A function to process and clean QVR data using R.
QVR (short for Query, View, Report) is an internal database used for tracking, reporting, and analyzing research project applications and awards at the US National Institutes of Health (NIH). QVR data is frequently exported and used for analysis and evaluation at NIH, but QVR's export data structure often requires extensive preprocessing to transform it into a usable format for analysis. Some multi-value fields, like Prinipal Investigator names and Program Class Codes, are often split over multiple lines, while other fields are duplicated across the multiple lines. Other fields like award status return administrative codes ("A", "TP", "W", etc.) instead of cleaner Yes/No values.
The process_qvr_data()
function attempts to automate this preprocessing phase and transform the QVR data into a more "R-friendly" analytical format.
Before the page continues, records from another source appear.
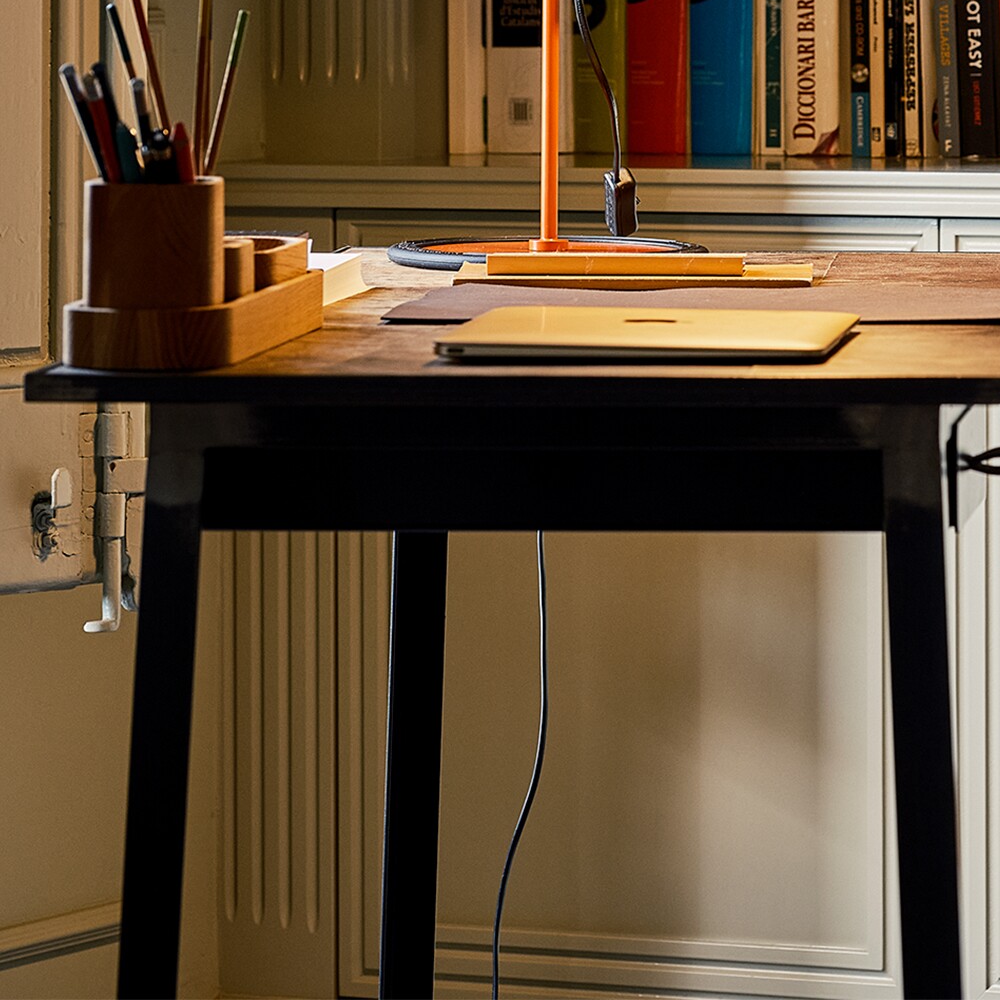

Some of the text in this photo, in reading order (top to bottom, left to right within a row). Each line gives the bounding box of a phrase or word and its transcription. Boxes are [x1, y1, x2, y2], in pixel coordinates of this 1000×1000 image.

[904, 22, 916, 111] REPASSEM
[938, 4, 951, 67] VILLAGES
[967, 28, 983, 69] EASY
[792, 35, 816, 140] DICCIONARI
[856, 95, 865, 147] CAMBRIDGE
It takes a data frame of the raw QVR data as its primary input and returns a cleaned and reformatted data frame of the same data with one record per row.
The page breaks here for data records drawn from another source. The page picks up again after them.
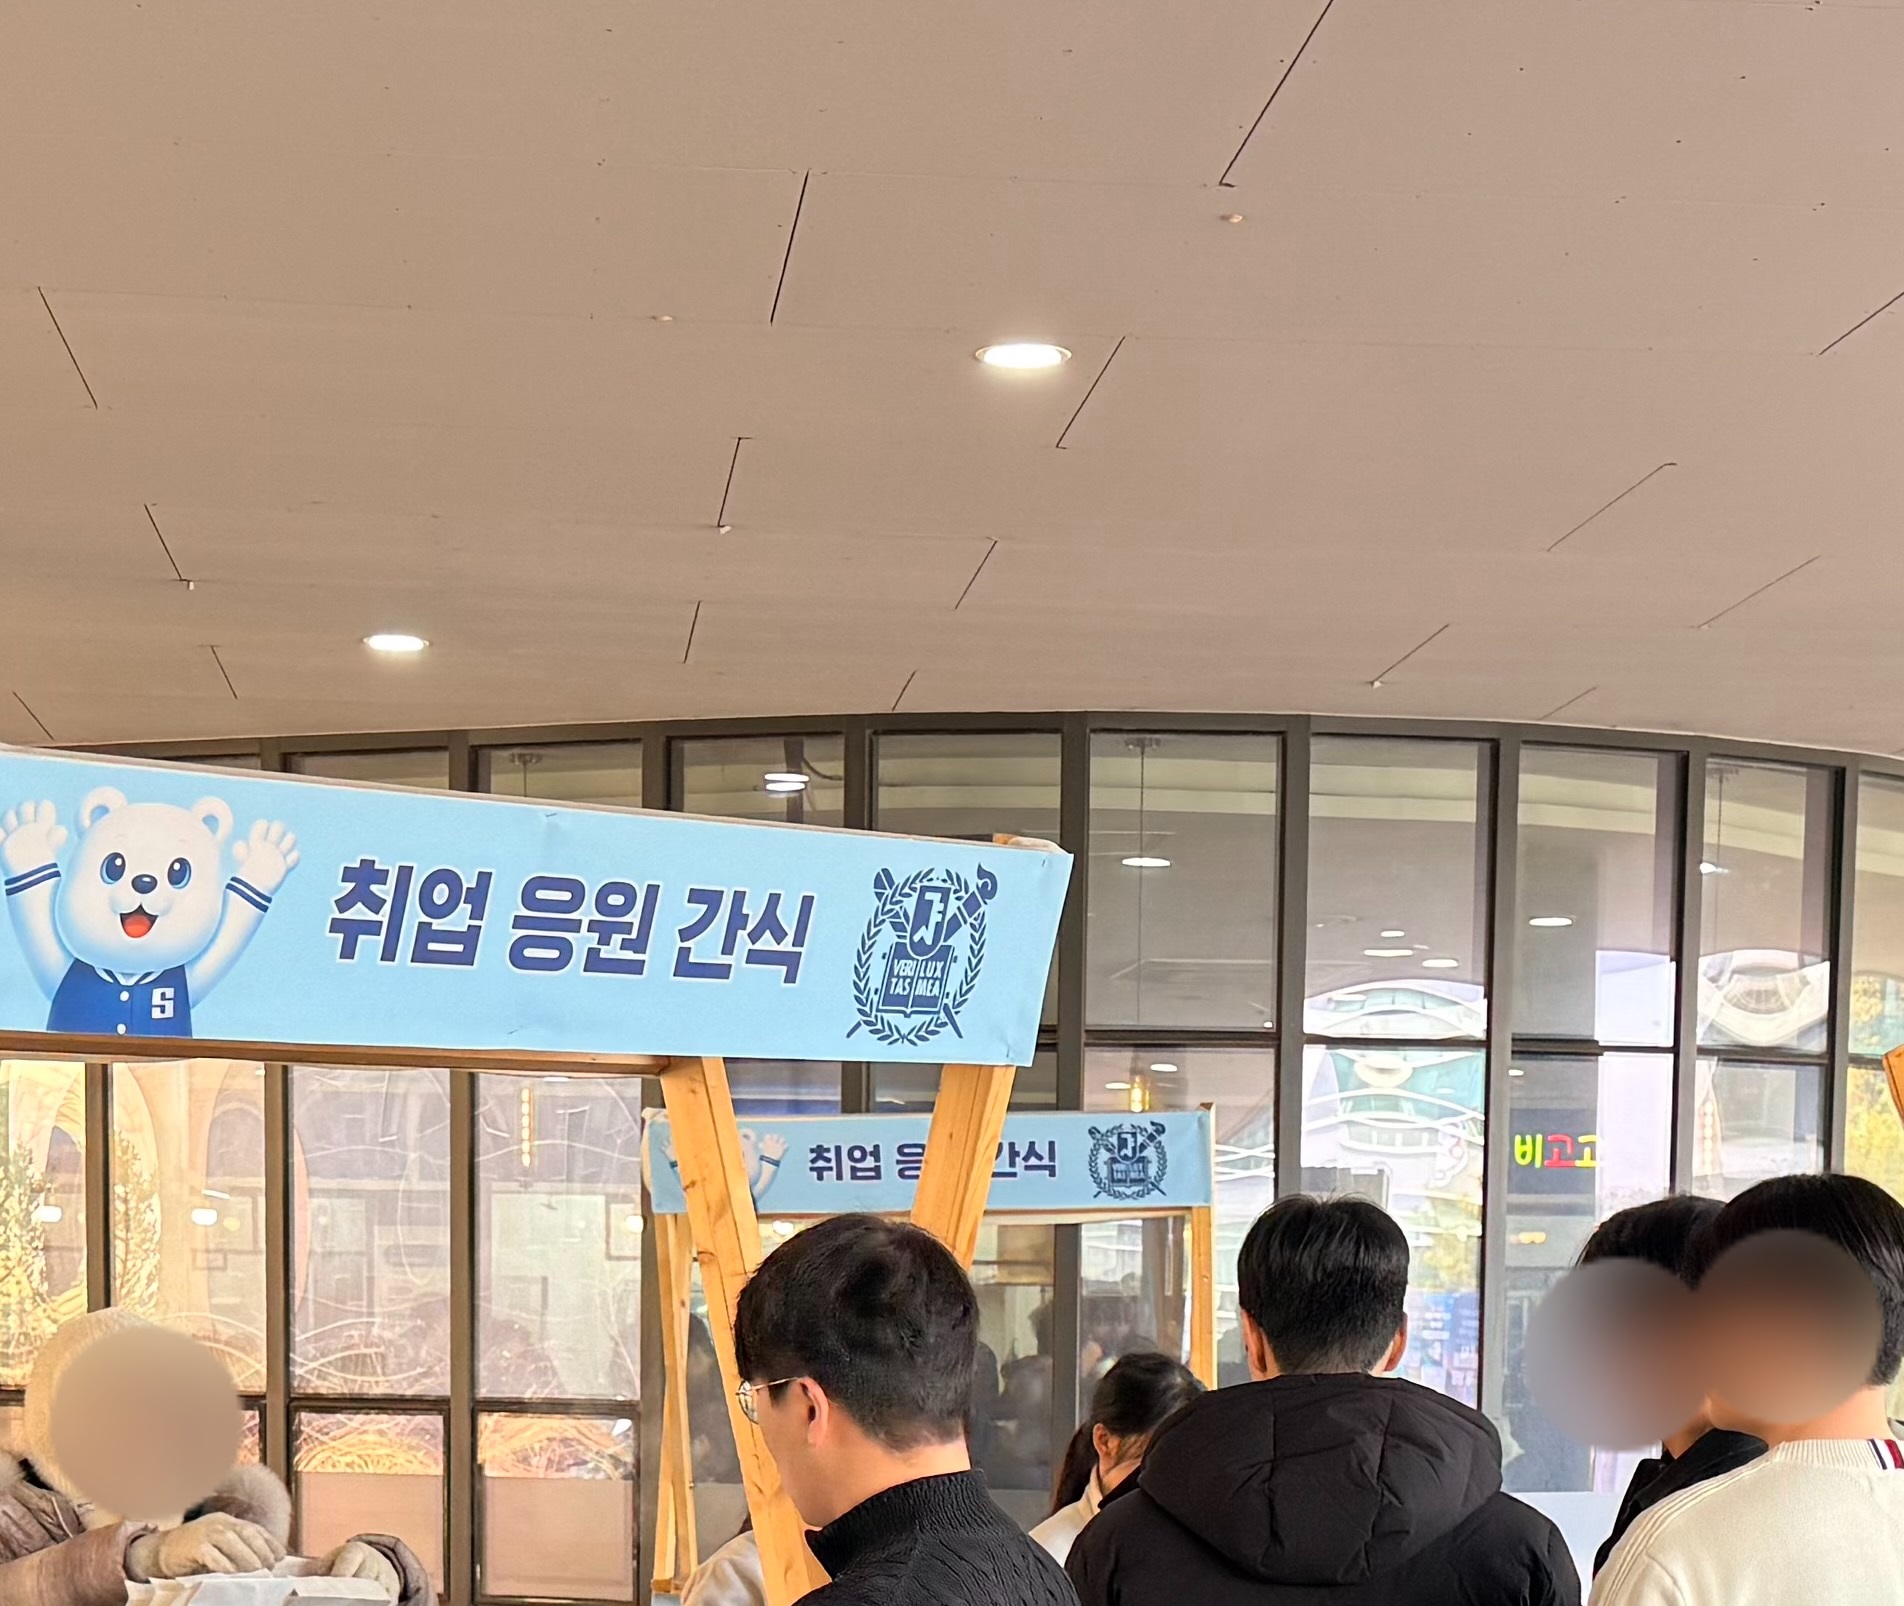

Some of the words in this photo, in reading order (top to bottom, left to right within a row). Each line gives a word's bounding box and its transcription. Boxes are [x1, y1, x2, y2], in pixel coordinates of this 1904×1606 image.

[327, 857, 494, 968] 취업
[507, 873, 662, 977] 응원
[671, 886, 816, 986] 간식
[893, 958, 917, 977] VERI
[919, 960, 945, 979] LUX
[889, 977, 912, 996] TAS
[914, 978, 942, 997] MEA
[151, 986, 175, 1019] S
[808, 1143, 883, 1182] 취업
[895, 1142, 929, 1180] 응
To use the function on a .csv file exported from QVR, first read the file into R with the read.csv()
function
appls <- read.csv("my_application_data.csv", stringsAsFactors = FALSE)
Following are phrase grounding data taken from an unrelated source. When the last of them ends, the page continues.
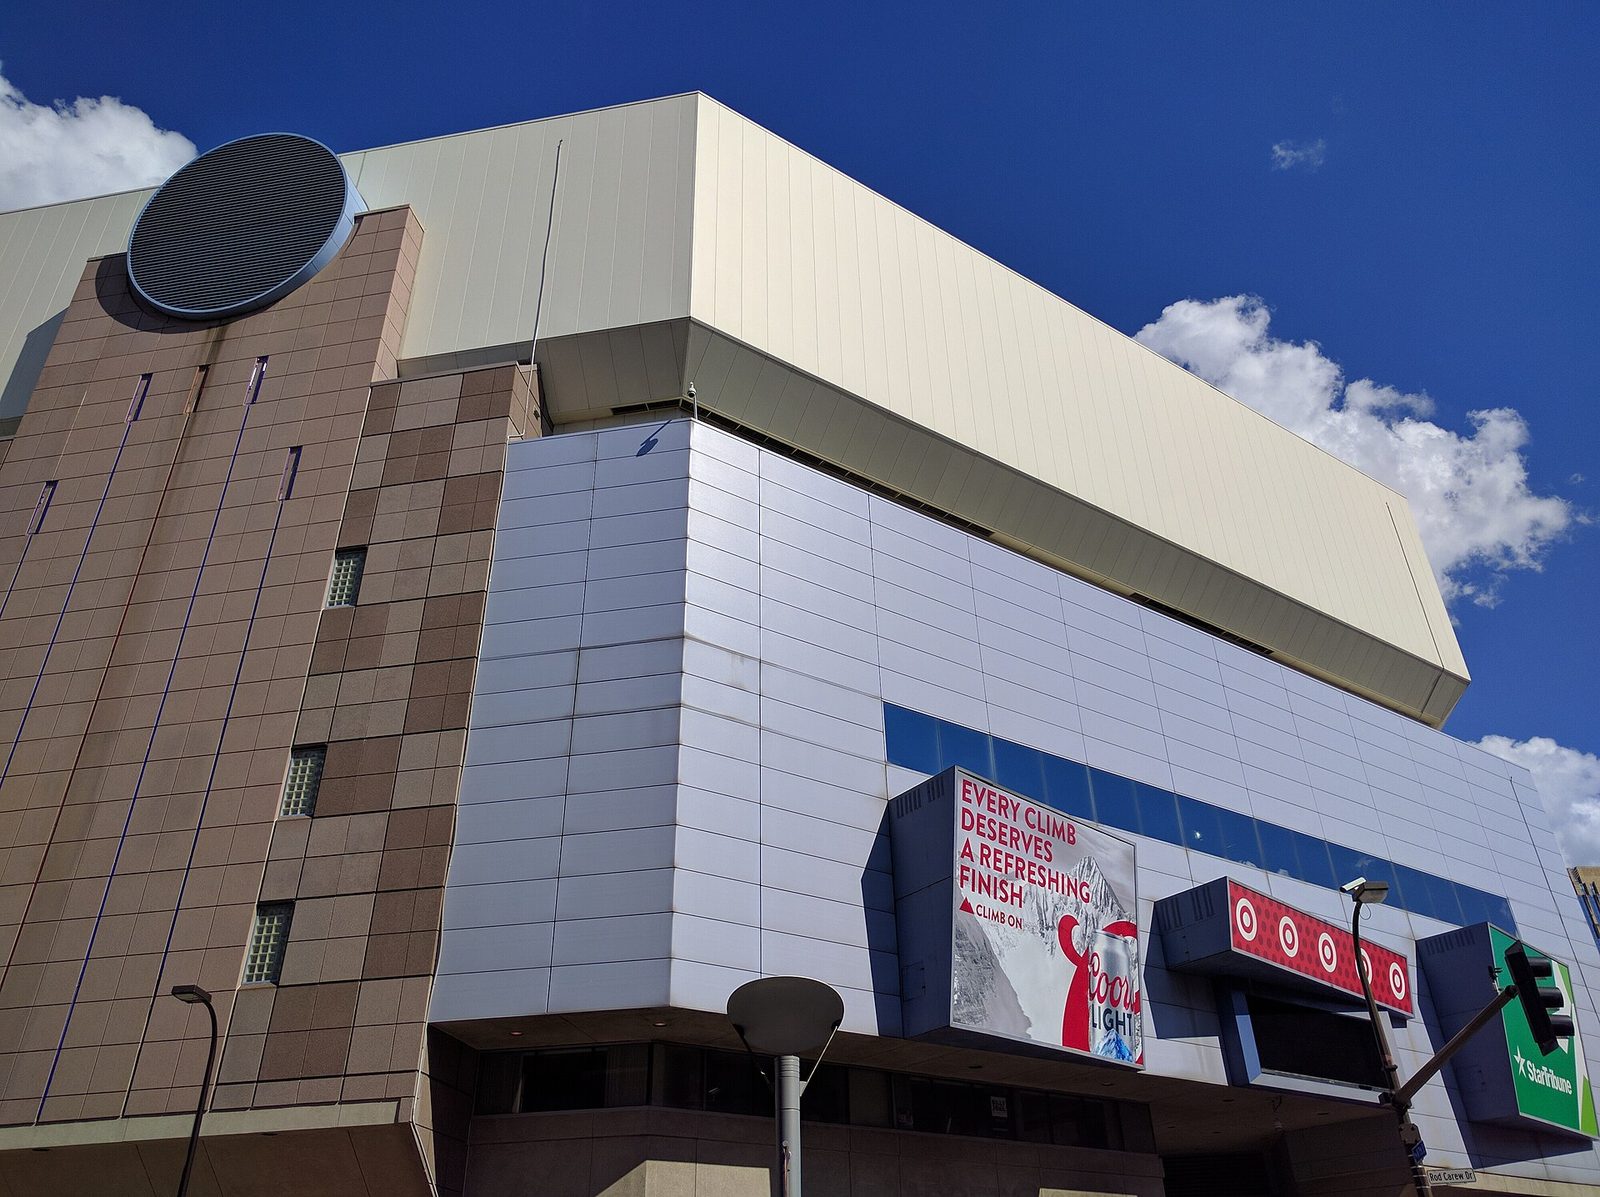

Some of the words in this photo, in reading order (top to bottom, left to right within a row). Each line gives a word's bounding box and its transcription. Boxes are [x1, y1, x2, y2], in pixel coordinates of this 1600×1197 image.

[962, 779, 1021, 822] EVERY
[1024, 807, 1076, 845] CLIMB
[961, 807, 1053, 863] DESERVES
[959, 865, 1023, 908] FINISH
[960, 837, 974, 863] A
[980, 843, 1090, 904] REFRESHING
[976, 904, 1005, 924] CLIMB
[1007, 915, 1023, 930] ON
[1091, 1004, 1132, 1036] LIGHT
[1526, 1060, 1573, 1095] StarTribune
[1429, 1173, 1442, 1181] Rod
[1444, 1172, 1464, 1180] Carew
[1465, 1171, 1474, 1179] Dr
and then load the process_qvr_data()
function with source()
source("qvr_processing.r")
Finally, run the process_qvr_data()
function on appls
appls <- process_qvr_data(appls)
The function has six major steps.
First, it removes any completely duplicated rows in the data frame using the unique()
function.
Second, if a single document has data spread over multiple rows, it collapses that data into a single semicolon-delimited string. To do this, it first splits the data into a list of data frames (one data frame for each document) using the column specified in the doc_id
argument (which defaults to "Appl.Id", which is how that column typically is read in to R). Next, it finds which data frames have multiple rows for the same doc_id
. Next, it finds which columns within those data frames have non-identical data in its rows (i.e., data spread over multiple rows). For each identified column, it then pastes the unique values for each document together into semicolon-delimited text strings. Finally, it creates a new version of the data frame with one row per doc_id
and replaces the identified column values with the newly created semicolon-delimited versions.
Third, if the data frame has the necessary columns, it adds a series of new "Y/N" columns for animal subjects, human subjects, clinical trial, and award status. It checks the given status codes against a list of known status codes to return a flag indicating if the award has the field or not. So an award that includes human subjects would be marked as "Y" in the added is_human
column.
Fourth, it replaces awkward column names like "Awd.Tot.Cost.." from the original QVR data with more R-friendly versions like "awd_tot_cost".
Fifth, it replaces all cells in the data frame that have a value of "-" with NA.
And finally, it removes any columns that consist entirely of NA values. QVR will often inlcude extra commas at the end of lines, which are read into R as being empty columns, so the function removes them.
The main process_qvr_data()
function can be used to collapse data on other unique identifiers (like Investigator Profile IDs, ORCID IDs, or FOA numbers) or used on other data sets with different document IDs by changing the doc_id
argument. It can therefore be used as the inverse of the tidyr separate_rows()
function to collapse rows on a specific identifier.
Long text columns from QVR - like abstracts, specific aims, and public health relevance texts - often have extra quotation marks or other special characters in them that cause parsing errors when reading .csv files into R. The clean_abstracts()
function attempts to remove these characters from a .csv file and creates a new cleaned version of the .csv that can be read into R using the normal read.csv()
or read_csv()
functions.
The function expects the long text column to be in a two-column .csv file consisting of the Appl ID and the text column in question. Any additional columns in that .csv will cause the function to not work properly. So to use the function, download the text column separately from the rest of the application data from QVR and then merge them in R after processing the text.
To use the function on a two-column .csv file from QVR, run
clean_abstracts("abstracts.csv")
The function will then create a new version of the file with "_cleaned" added to the end of the filename. Then you can read the cleaned version into R, run the qvr_processing()
function on it to remove any duplicate rows, and then merge it with the rest of the application data.
abs <- read.csv("abstracts_cleaned.csv", stringsAsFactors = FALSE)
abs <- process_qvr_data(abs)
appls <- merge(appls, abs, by = "appl_id", all.x = TRUE)
This function is still in beta, so there may still be bugs.